> [Your goal]:
Retype exactly the stretch of lines that begins at the line containing "this 1344×1512 image." and ends at the last line of the data, with no other lines.

───── Material for this task ─────

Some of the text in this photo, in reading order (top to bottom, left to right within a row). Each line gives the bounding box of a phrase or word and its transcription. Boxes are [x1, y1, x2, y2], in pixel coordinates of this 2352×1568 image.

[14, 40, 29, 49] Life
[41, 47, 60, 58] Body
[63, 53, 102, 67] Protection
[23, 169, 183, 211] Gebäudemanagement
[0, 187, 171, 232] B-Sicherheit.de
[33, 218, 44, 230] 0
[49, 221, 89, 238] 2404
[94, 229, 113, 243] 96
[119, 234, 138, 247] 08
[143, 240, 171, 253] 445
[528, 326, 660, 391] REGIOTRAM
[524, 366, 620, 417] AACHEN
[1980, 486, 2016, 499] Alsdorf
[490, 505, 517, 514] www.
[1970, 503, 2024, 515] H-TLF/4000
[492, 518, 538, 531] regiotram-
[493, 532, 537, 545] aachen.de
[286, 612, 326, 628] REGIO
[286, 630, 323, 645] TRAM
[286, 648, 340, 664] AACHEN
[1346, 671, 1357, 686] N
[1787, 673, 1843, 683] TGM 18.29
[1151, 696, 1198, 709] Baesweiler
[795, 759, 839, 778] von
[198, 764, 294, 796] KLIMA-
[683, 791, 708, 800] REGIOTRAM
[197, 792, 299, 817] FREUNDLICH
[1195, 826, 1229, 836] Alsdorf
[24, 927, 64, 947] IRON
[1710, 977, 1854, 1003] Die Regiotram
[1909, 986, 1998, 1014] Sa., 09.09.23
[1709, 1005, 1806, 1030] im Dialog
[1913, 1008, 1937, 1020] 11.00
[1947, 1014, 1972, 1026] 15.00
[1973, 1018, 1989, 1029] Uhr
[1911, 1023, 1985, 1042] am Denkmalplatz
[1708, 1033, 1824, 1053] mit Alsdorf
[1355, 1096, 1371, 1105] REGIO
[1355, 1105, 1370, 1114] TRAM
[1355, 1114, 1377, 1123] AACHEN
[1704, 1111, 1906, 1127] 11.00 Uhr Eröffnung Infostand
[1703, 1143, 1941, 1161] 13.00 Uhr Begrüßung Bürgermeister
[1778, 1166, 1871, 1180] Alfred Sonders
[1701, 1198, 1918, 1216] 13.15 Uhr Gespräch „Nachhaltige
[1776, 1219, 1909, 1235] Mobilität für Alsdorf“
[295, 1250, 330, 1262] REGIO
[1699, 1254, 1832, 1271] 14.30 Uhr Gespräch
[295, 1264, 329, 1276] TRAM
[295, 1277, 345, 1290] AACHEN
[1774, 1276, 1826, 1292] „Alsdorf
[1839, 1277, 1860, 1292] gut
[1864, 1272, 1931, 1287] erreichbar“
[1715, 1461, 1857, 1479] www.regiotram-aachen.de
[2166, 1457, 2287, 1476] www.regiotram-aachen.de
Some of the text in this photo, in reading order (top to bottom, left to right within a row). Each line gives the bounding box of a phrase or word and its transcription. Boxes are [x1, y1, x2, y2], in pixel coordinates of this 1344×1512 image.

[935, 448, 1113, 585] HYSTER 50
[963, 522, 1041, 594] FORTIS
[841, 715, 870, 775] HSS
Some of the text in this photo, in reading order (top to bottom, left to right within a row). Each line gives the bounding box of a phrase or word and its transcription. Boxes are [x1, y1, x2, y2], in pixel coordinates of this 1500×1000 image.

─────

> [Finished task]:
Some of the text in this photo, in reading order (top to bottom, left to right within a row). Each line gives the bounding box of a phrase or word and its transcription. Boxes are [x1, y1, x2, y2], in pixel coordinates of this 1344×1512 image.

[935, 448, 1113, 585] HYSTER 50
[963, 522, 1041, 594] FORTIS
[841, 715, 870, 775] HSS
Some of the text in this photo, in reading order (top to bottom, left to right within a row). Each line gives the bounding box of a phrase or word and its transcription. Boxes are [x1, y1, x2, y2], in pixel coordinates of this 1500×1000 image.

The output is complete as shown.